**What needs to be done:** Look below for the line with "Some of the text", and from there restate every line word for word until the entries end.

** Source material follows **

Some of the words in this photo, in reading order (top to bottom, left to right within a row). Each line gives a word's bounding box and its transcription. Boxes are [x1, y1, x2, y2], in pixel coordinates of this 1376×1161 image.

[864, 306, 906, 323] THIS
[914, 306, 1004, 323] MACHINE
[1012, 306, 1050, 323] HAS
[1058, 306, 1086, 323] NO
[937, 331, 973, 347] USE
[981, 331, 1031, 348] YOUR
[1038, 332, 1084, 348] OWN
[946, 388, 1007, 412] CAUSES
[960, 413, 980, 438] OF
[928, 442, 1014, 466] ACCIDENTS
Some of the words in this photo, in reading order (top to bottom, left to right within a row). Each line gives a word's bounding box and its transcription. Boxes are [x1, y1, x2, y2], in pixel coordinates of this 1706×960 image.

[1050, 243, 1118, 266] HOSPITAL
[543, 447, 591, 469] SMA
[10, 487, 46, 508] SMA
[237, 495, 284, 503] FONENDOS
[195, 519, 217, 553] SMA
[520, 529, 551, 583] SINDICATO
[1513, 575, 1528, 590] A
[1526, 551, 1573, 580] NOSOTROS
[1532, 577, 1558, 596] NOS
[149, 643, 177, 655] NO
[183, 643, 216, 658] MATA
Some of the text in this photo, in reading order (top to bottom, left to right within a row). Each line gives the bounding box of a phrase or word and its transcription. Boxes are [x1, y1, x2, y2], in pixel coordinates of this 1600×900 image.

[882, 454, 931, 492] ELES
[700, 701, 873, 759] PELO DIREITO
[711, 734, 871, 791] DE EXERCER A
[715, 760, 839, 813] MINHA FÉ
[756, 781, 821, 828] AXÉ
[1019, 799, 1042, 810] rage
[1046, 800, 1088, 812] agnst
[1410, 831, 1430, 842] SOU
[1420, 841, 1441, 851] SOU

** End of Source material **

**Response to the exercise:**
Some of the text in this photo, in reading order (top to bottom, left to right within a row). Each line gives the bounding box of a phrase or word and its transcription. Boxes are [x1, y1, x2, y2], in pixel coordinates of this 1600×900 image.

[882, 454, 931, 492] ELES
[700, 701, 873, 759] PELO DIREITO
[711, 734, 871, 791] DE EXERCER A
[715, 760, 839, 813] MINHA FÉ
[756, 781, 821, 828] AXÉ
[1019, 799, 1042, 810] rage
[1046, 800, 1088, 812] agnst
[1410, 831, 1430, 842] SOU
[1420, 841, 1441, 851] SOU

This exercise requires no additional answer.